Ron and Sherri Hildebrandt are a semiretired couple from Niverville currently serving a mandatory self-isolation order since their unexpected return from working with Mennonite Disaster Service (MDS) in Rockport, Texas. The site was closed abruptly and they were directed to return home as soon as possible.
“None of our usual life has resumed as we patiently wait for the 14-day isolation period to be done,” says Sherri. “We moved to a senior’s housing complex in the past year and everyone here is being vigilant in making sure we stay virus-free if we possibly can! We’re just hoping and praying that the self-isolation time won’t be extended!”
Ron is an appliance technician and Sherri is a human resource advisor, as well as an author and public speaker. They had arranged to be away for two months this winter, but even if they hadn’t been out of country on an MDS trip, they would’ve been active with their part-time work, as well as curling, painting, and traveling to visit their children and grandchildren in other provinces.

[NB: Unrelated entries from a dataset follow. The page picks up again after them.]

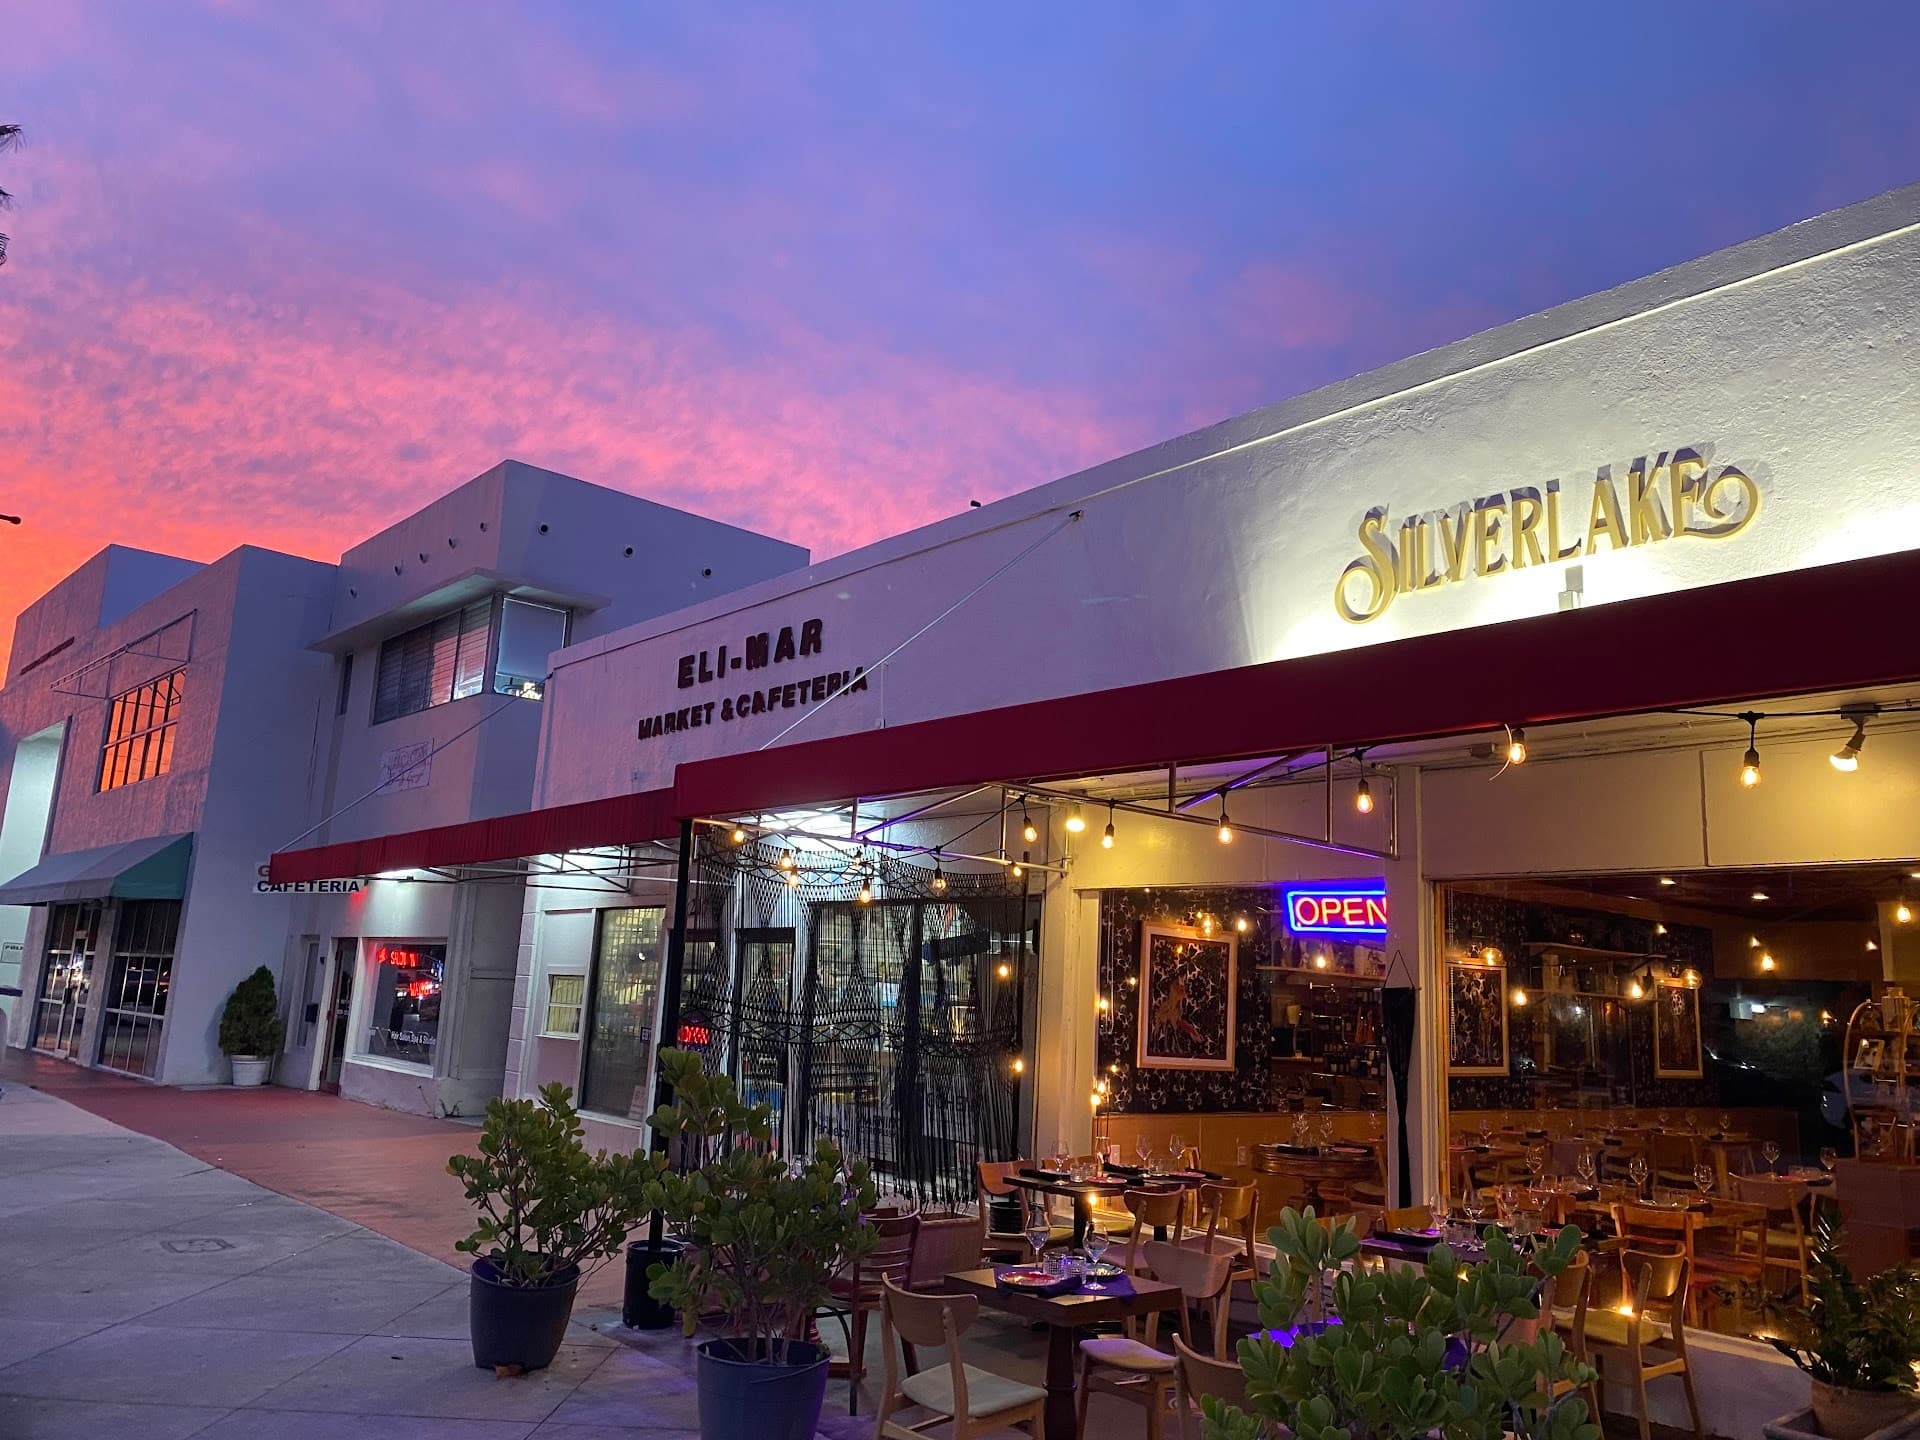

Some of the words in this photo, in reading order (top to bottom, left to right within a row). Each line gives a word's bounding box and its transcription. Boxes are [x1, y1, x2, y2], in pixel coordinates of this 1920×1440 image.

[1334, 450, 1761, 624] SILVERLAKE
[677, 618, 823, 689] ELI-MAR
[638, 701, 715, 740] MARKET
[257, 881, 360, 893] CAFETERIA
[1295, 897, 1387, 926] OPEN

For them, the biggest challenge during isolation so far has been the lack of in-person social contact.
“We drove straight home in our RV from Texas after almost two months of living with others and having daily contact with people,” explains Sherri. “This has been harder than we thought it might be. It’s a good thing we still like each other! 24/7 with the same person in a small condo is a test that I think we’d both get a passing grade on, but it’s not always easy! Also, I’m a hugger—and those elbow taps are not doing it for me!”

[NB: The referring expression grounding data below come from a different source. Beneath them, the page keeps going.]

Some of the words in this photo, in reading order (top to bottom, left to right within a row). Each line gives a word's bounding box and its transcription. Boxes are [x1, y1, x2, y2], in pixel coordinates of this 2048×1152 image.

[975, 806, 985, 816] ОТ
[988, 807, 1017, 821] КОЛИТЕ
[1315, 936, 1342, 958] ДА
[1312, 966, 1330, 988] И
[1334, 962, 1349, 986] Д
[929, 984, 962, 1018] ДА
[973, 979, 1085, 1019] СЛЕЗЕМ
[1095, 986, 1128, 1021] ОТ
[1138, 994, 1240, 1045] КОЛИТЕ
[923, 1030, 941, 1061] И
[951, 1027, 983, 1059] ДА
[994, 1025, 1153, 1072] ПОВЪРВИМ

Maintaining mental health is another struggle. Between TV and online media, it can get overwhelming to be constantly informed about COVID-19 and the social distancing measures being implemented in Manitoba, even though it is necessary.

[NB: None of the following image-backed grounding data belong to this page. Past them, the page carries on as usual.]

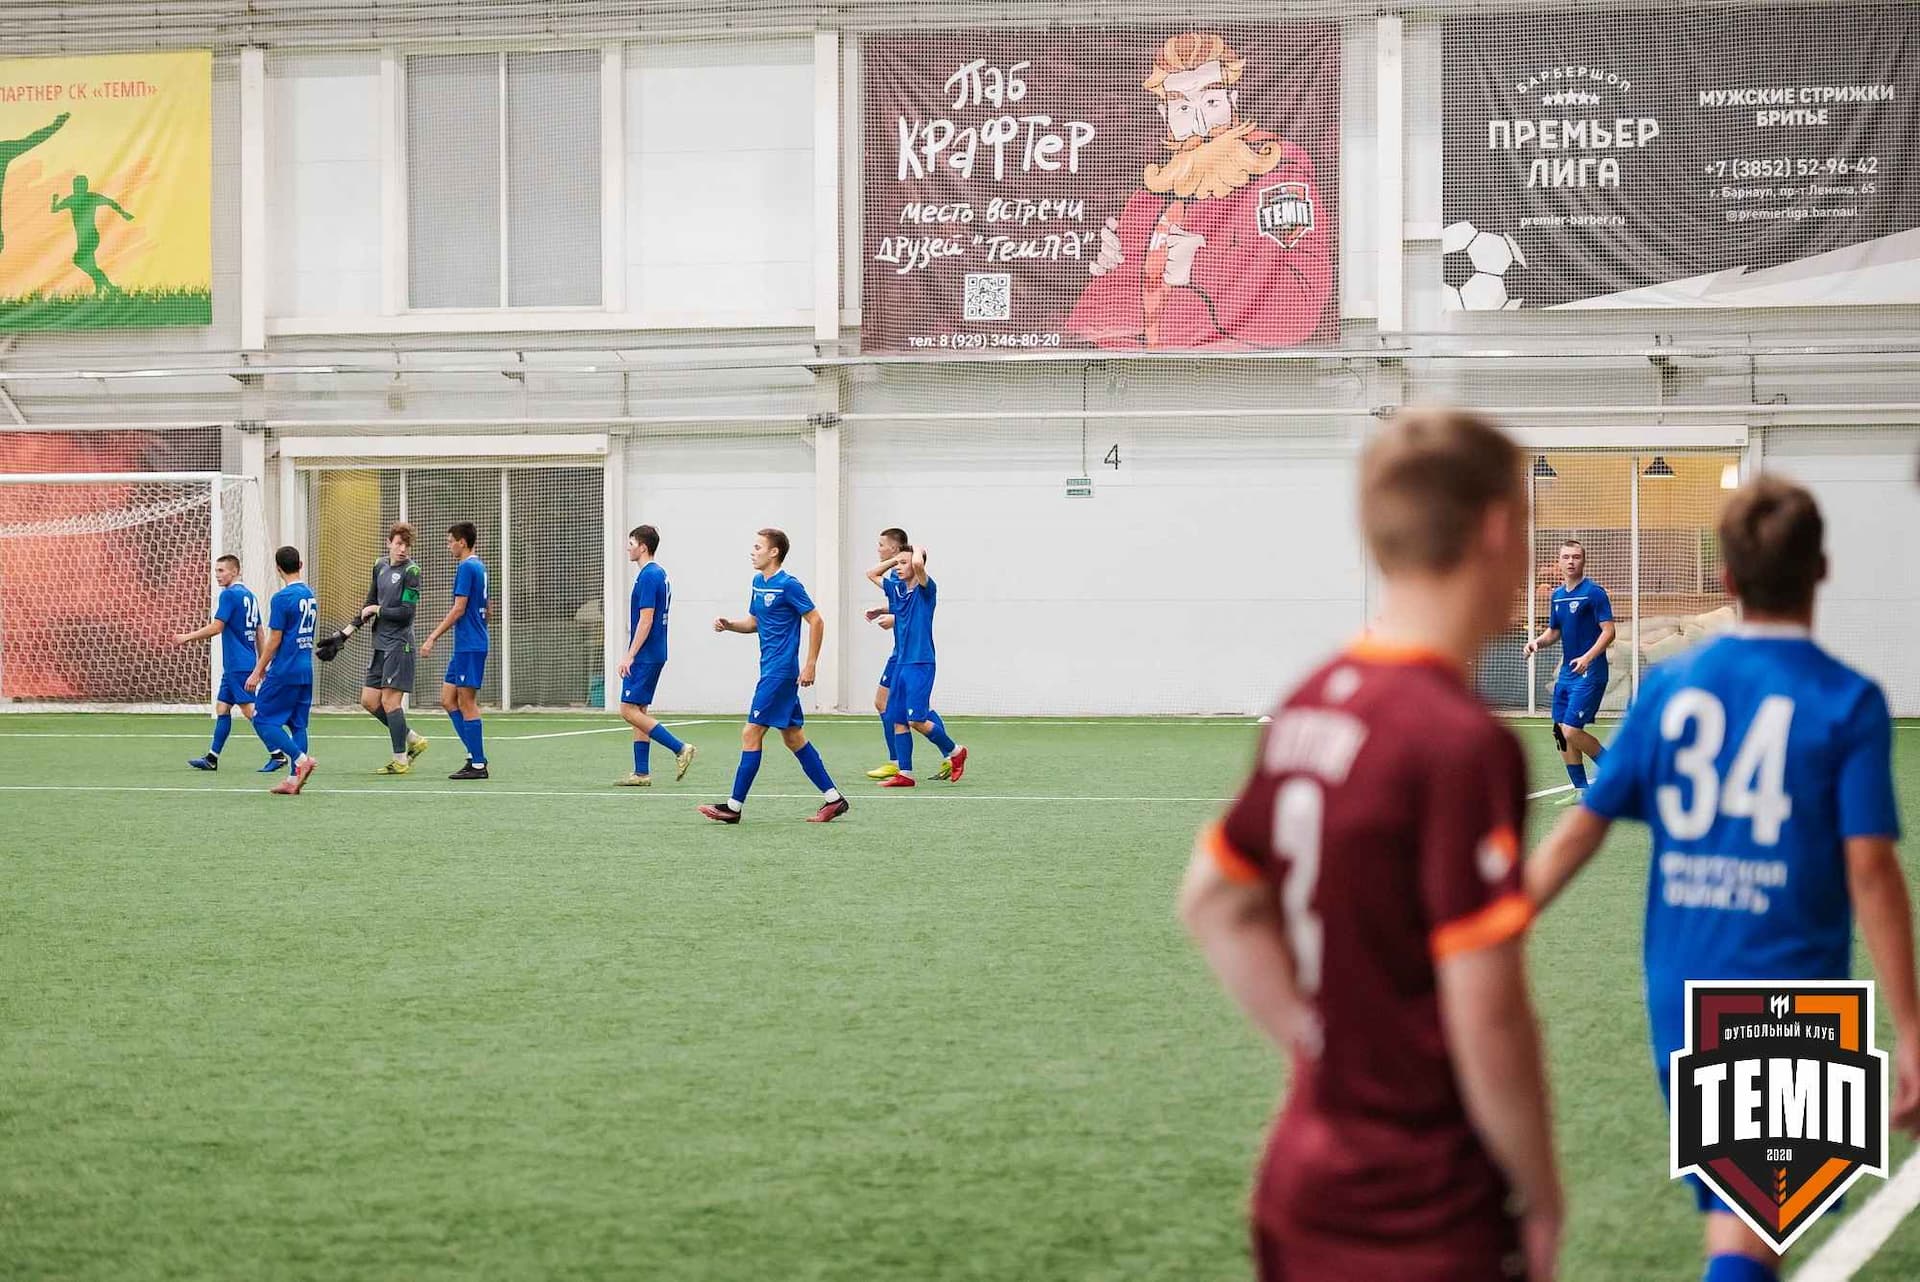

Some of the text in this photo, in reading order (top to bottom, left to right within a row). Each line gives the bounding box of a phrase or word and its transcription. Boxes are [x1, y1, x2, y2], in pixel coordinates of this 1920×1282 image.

[69, 83, 86, 100] СК
[93, 81, 158, 98] «ТЕМП»
[944, 59, 1030, 110] Паб
[1516, 67, 1631, 94] БАРБЕРШОП
[1699, 85, 1894, 106] МУЖСКИЕ СТРИЖКИ
[1756, 109, 1828, 126] БРИТЬЕ
[1488, 118, 1660, 149] ПРЕМЬЕР
[1527, 157, 1620, 188] ЛИГА
[1704, 157, 1877, 179] +7 (3852) 52-96-42
[1861, 182, 1875, 194] 65
[1261, 201, 1308, 229] ТЕМП
[1521, 214, 1625, 228] premier-barber.ru
[908, 333, 1061, 348] тел: 8 (929) 346-80-20
[1104, 443, 1122, 470] 4
[298, 598, 317, 634] 25
[1656, 687, 1795, 846] 34

“It’s hard not to let this barrage of media scare you,” she says. “Even if you don’t want to admit it, there seems to be an underlying sense of unrest because your world has been disrupted, and you have no idea what normal will look like on the other side—or when the other side will arrive! We pray for our children and grandchildren to be safe and healthy as they figure out how to do life in this chaos.”
The Hildebrandts say they rely on faith during this stressful time as they worry for their children, since one of them is immunocompromised, one is a nurse working in trauma, and another has asthma. They also both have elderly parents.
The couple says they are playing games, discussing life, cooking together, and cleaning together. Another benefit is having time to reach out and reconnect with friends and family via the internet.
“I’ve had chats online and on the phone with people I haven’t seen or talked to in a while, which has been so rewarding and filled my social interaction tank,” says Sherri. “Our children and grandchildren have had time to talk to us. They are all working and raising their own families and don’t always have time to keep in contact. Now they are all working from home, except for the nurse, and we have been getting in touch much more now.”
Talking and connecting with each other as a couple during isolation is just as important as finding others to talk to. Ron and Sherri recommend turning off the TV and actually talking to diffuse the tension that builds with all the social distancing rules.
“Laugh,” she adds. “Read each other jokes or watch a comedy and laugh together. Find the humour in the situation. If it’s all gloom and doom, you’ve lost the battle! Do something together—we baked buns yesterday. And if it gets to be too much, and you know you’re spiralling, reach out. Call someone and let them know. We need each other now more than ever and without being able to reach out and physically hug someone, do it virtually if you can. Call a friend, chat online or text.”
And nap. One of Sherri’s hobbies is painting and she says she now has the time and energy to get into the headspace required to do it.